Venturing into the African Bush has always been one of my utmost favourite pastimes. Growing up only approximately 3 hours from the Hluhluwe and iMfolozi Nature Reserves*, meant that for me, I would probably visit at least four times a year. Nothing felt quite as relaxing as sitting quietly for a few hours in a hide* overlooking a waterhole, observing the coming and goings of the incredible wildlife that roam free in their natural habitat.

When I visited South Africa again, it was with great excitement that we would be filming my promotional videos at one of the Game Reserves near my birth town of Durban.
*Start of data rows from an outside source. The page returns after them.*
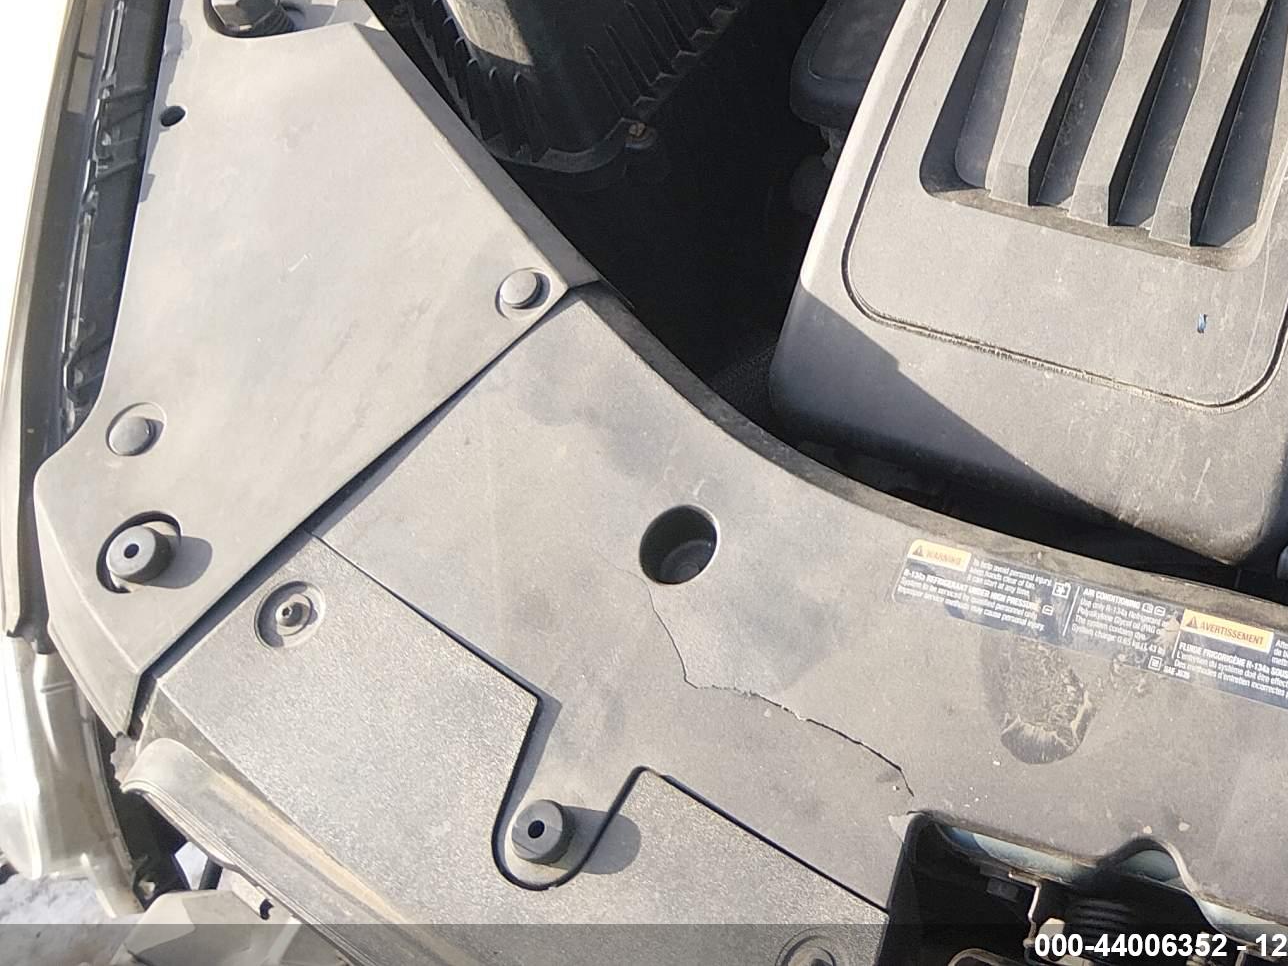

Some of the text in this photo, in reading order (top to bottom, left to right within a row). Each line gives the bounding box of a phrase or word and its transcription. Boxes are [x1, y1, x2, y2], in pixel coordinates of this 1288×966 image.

[1083, 588, 1141, 609] AIR CONDITIONING
[1200, 621, 1264, 647] AVERTISSEMENT
[1179, 642, 1202, 655] FLUIDE
[1246, 660, 1271, 674] R-134a
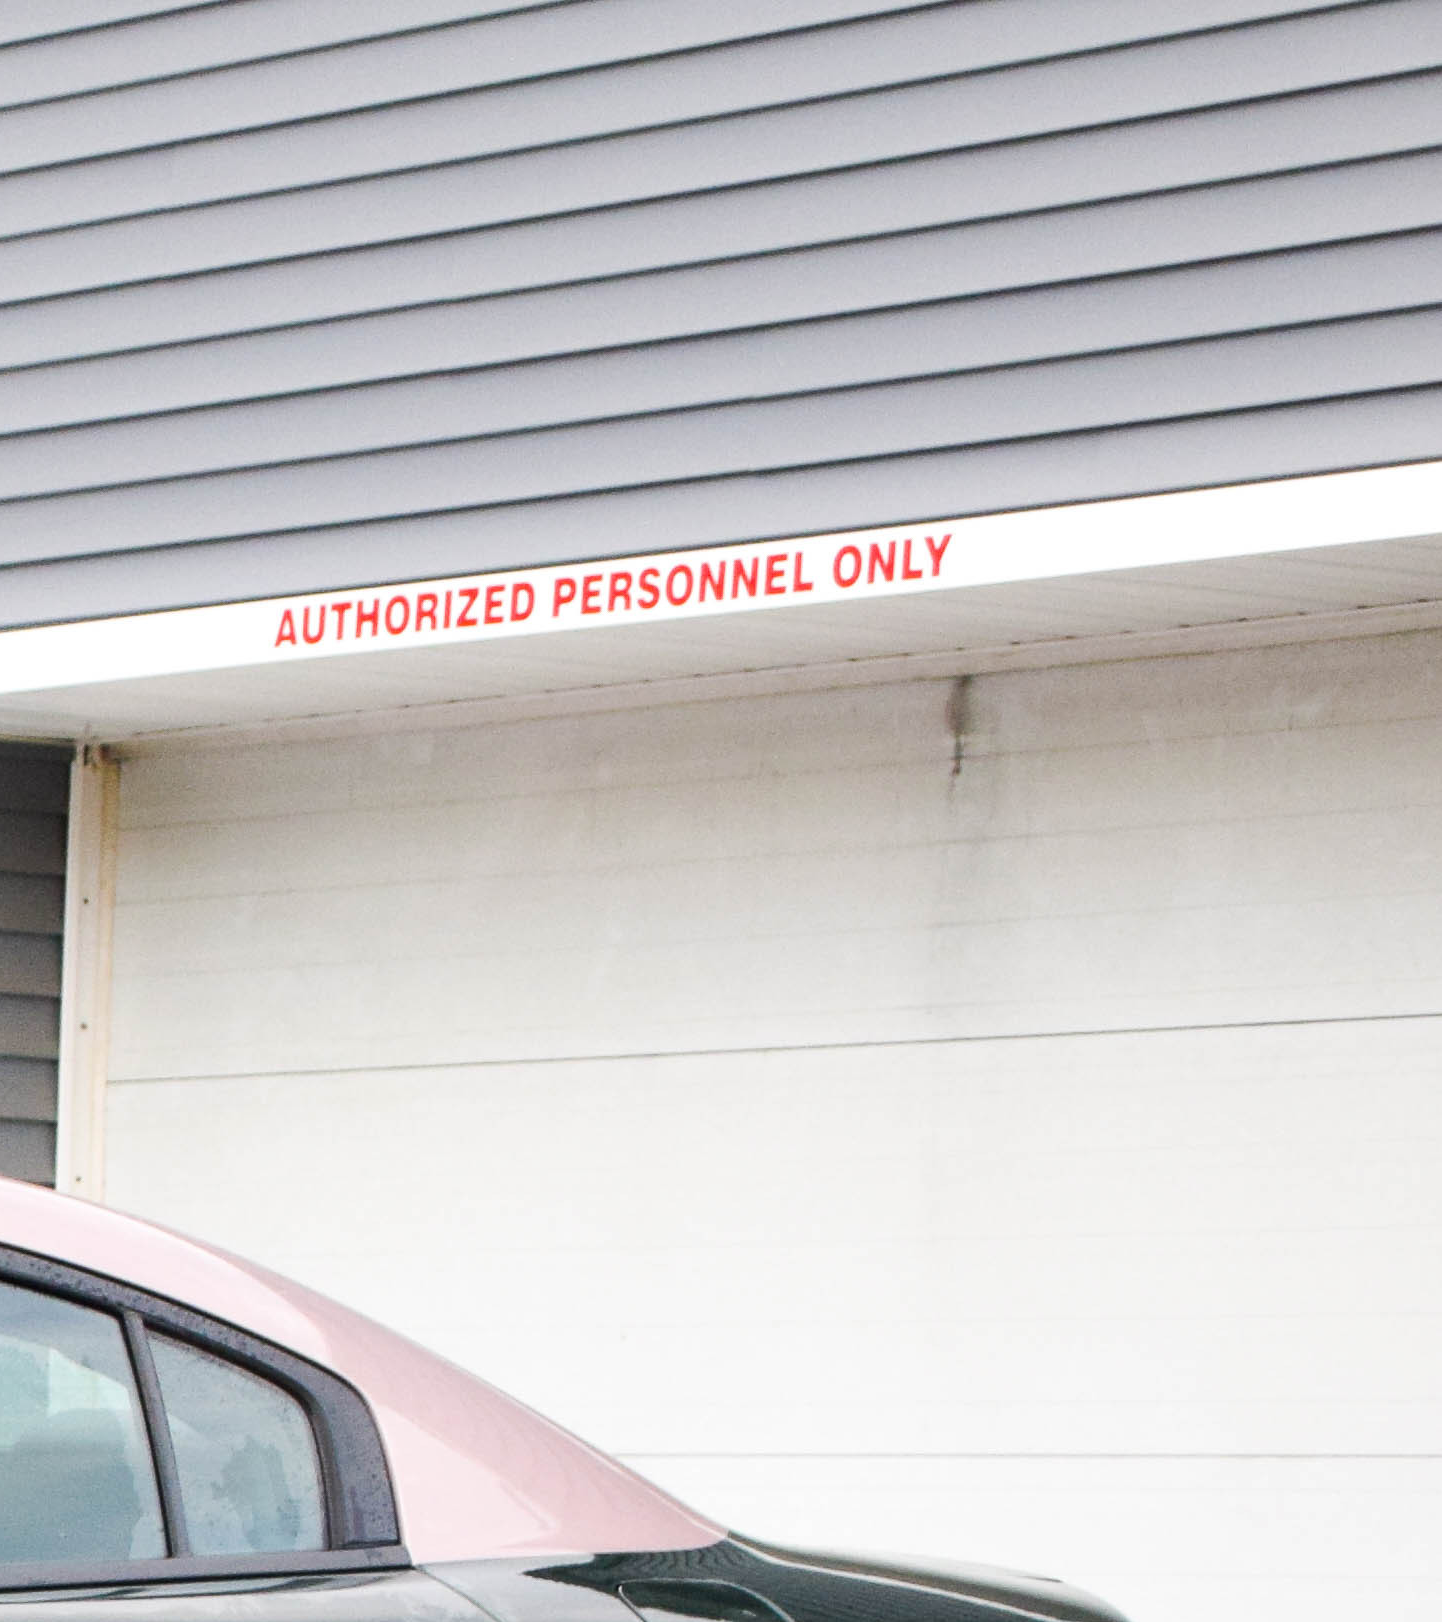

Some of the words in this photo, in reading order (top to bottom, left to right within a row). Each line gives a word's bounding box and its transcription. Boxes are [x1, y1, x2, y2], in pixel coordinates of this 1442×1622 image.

[275, 582, 535, 648] AUTHORIZED
[552, 552, 814, 617] PERSONNEL
[832, 533, 953, 587] ONLY
This is a small Reserve called Tala*, which is only an hour’s drive away from the city, a very convenient trip for visitors who can only afford the time of a night or two away, or even a day trip.
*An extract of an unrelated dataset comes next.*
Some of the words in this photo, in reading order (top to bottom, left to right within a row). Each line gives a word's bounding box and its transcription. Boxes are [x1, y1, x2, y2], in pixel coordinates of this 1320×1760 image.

My best friend Jacqueline Jayamaha and her husband Lal are also two avid nature lovers, and like many South African residents, they have the perfect 4 x 4 vehicle for such visits. Packed to the brim with camera equipment and overnight bags as well as the proverbial Ouma Rusks and flasked coffee, five of us including my sister Ashleigh from Cape Town and my husband Brett, set off for Tala.

And by no small chance, the team are the perfect crew to direct and film my videos. Jacqui is a well-known and award-winning director of documentaries, filmed for the likes of South Africa’s top magazine television programmes, 50/50 and Carte Blanche. We met in 1988 in the Drama Department at University of Natal, and we have been the closest of friends ever since. My younger sister Ashleigh is also an ex-drama student, and after her years on stage and screen, she now also works in the film industry and has worked as a director amongst other crew accolades. And with my husband being the master-professional photographer that he is, we were ready to go!
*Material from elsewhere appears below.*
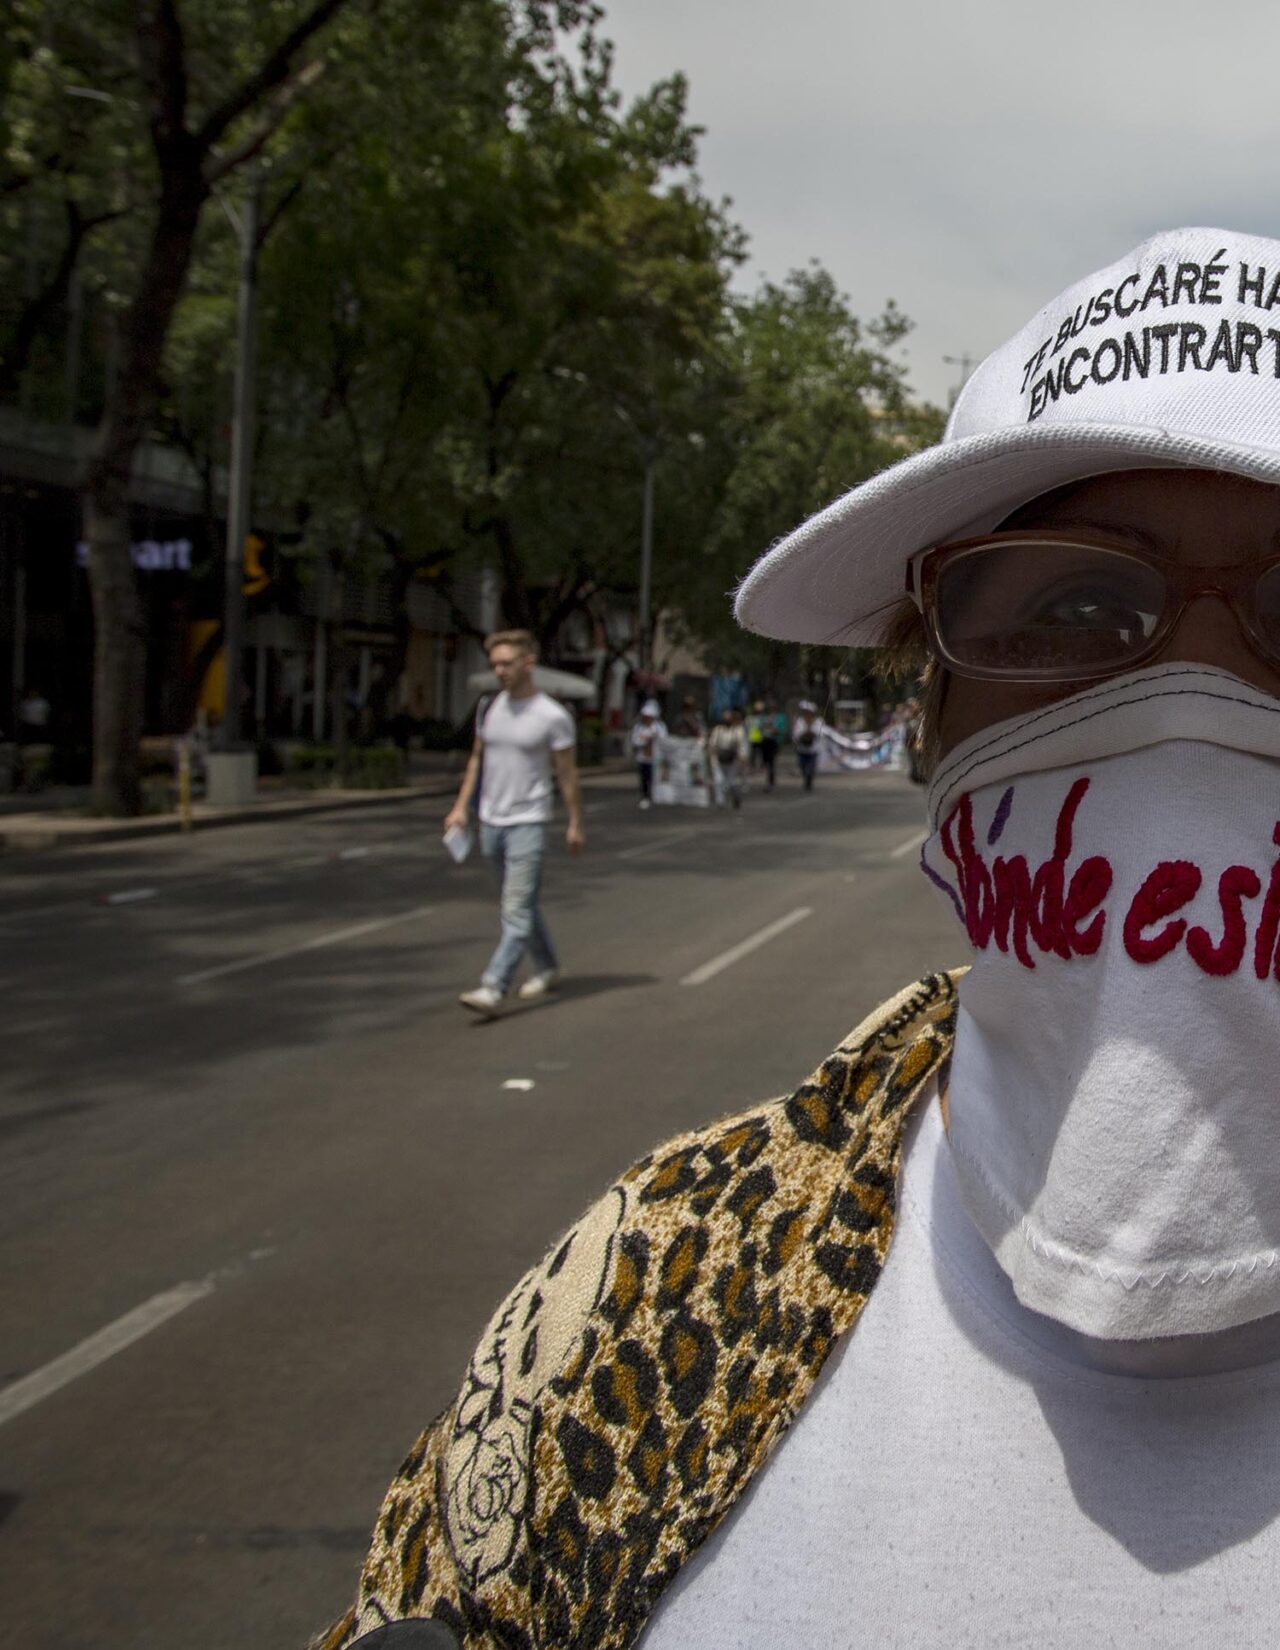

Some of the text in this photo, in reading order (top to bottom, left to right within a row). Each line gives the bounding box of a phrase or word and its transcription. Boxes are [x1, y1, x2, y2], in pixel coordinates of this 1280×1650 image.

[1020, 335, 1053, 395] TE
[1049, 248, 1229, 358] BUSCARÉ
[76, 538, 193, 571] sart
Sitting amongst the magnificent African Aloes and channeling my inner latent drama and voice over skills, I set to reading my first-ever rewritten African Folklore story, “How the Zebra got his Stripes”. With Jacs animatedly directing and encouraging me, Ash adding her second opinion and my husband filming from several different angles, we soon had the “Zebra’s” promotional video in the bag. For the next few stories, we gathered up some courage, as well as some hutzpah and we filmed in the open veld, with the backdrop of various animals going about their own business. It has to be mentioned that getting out of one’s vehicle in the middle of a game reserve is strictly under the guidance of Game Rangers, unless in a designated area. Hence the hutzpah. Under the very watchful eyes of Lal and Ash who warned of the slowly-approaching Rhinoceros family, we again set to work. After an exhilarating few reads, I had my next stories recorded, and with the Rhinos just too close for comfort, we packed up and jumped back into the 4 x 4. What a privilege to be in the African bush, so close to all those amazing animals and what fun we all had.

A hide is a structure specifically built for viewing game in a reserve.